It turns out that Rebecca Otto is also an exceptionally strong performer in urban/suburban areas, outperforming Congressman Ellison’s margins in 14 of 20 house districts, and across the 5th CD as a whole. Note that Ellison’s performance in his own district is stellar, so Otto’s comparable but better performance is stellar-plus.

Rebecca’s urban and suburban support is not limited to CD5. In CD4, Rebecca outperformed the benchmark Congresswoman McCollum’s margin in 13 of 21 House districts in, and across the congressional district as a whole.

Because of her strong performance and experience in urban, suburban, exurban and rural areas, Rebecca Otto outperformed the margins of every gubernatorial candidate she has been on the ballot with — Tim Pawlenty, Mike Hatch, and Mark Dayton — in 2006, 2010, and 2014.

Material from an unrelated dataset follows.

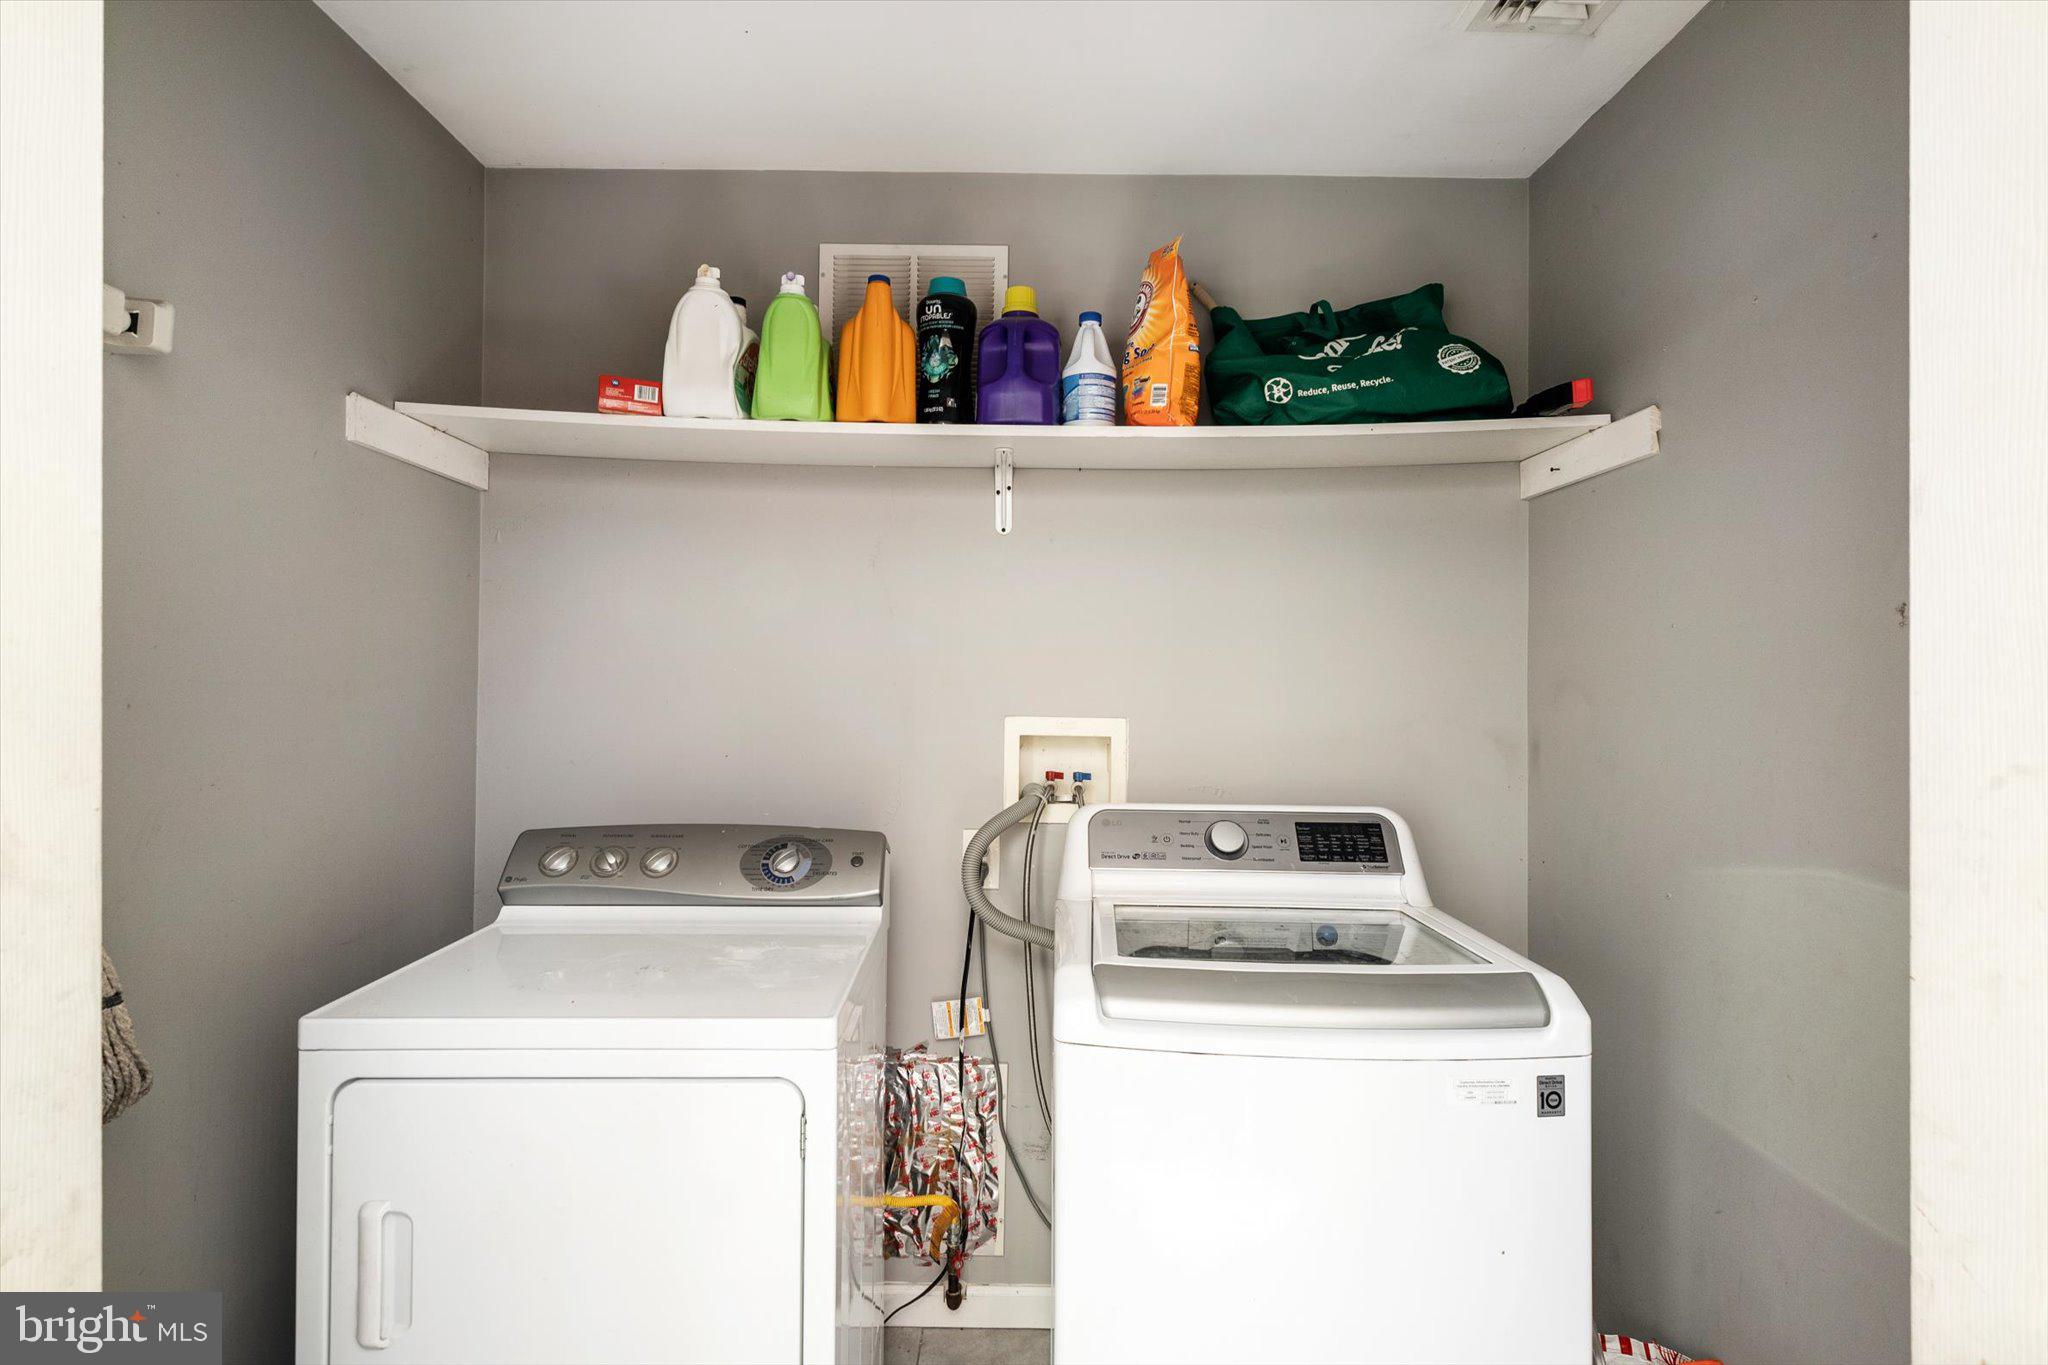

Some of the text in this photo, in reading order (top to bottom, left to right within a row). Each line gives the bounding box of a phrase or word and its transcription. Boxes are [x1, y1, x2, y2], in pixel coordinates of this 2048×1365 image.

[1297, 376, 1394, 397] Reduce, Reuse, Recycle.
[1540, 1090, 1563, 1110] 10

Rebecca Otto also unseated an incumbent, and she did it by the largest margin in 112 years, in a race for a seat that had been occupied by Republicans for 134 of its 149 years. This was an enormous and historic upset — on a level that Walz can only dream of.

Otto then made history a second time when she won a tough re-election against the same opponent while being heavily targeted by the Republican Party, and without help from the DFL Party, becoming the only Democrat to be re-elected to the Auditor’s post in Minnesota history. Otto is now in her third term, and made it a third time with her absolutely crushing defeat of Matt Entenza in the 2014 DFL primary.

There is only one candidate with both the electoral experience and the track record of standing up for what’s right without fear or favor, and it is Rebecca Otto. Rebecca is authentic, warm, humble, yet tough, willing to fight for what is right, and these aspects of her character are already widely known. She is widely recognized by State Auditors around the country, winning every major award and serving as president of the national organization of State Auditors. She has Republican support as well as Democratic. In fact, it was former Governor and State Auditor Arne Carlson who first asked her to run for State Auditor. She has strong executive experience at the state level, and she knows how to manage the legislature. On all these measures, Governor Otto would be one of the most qualified new governors on her first day in the State House.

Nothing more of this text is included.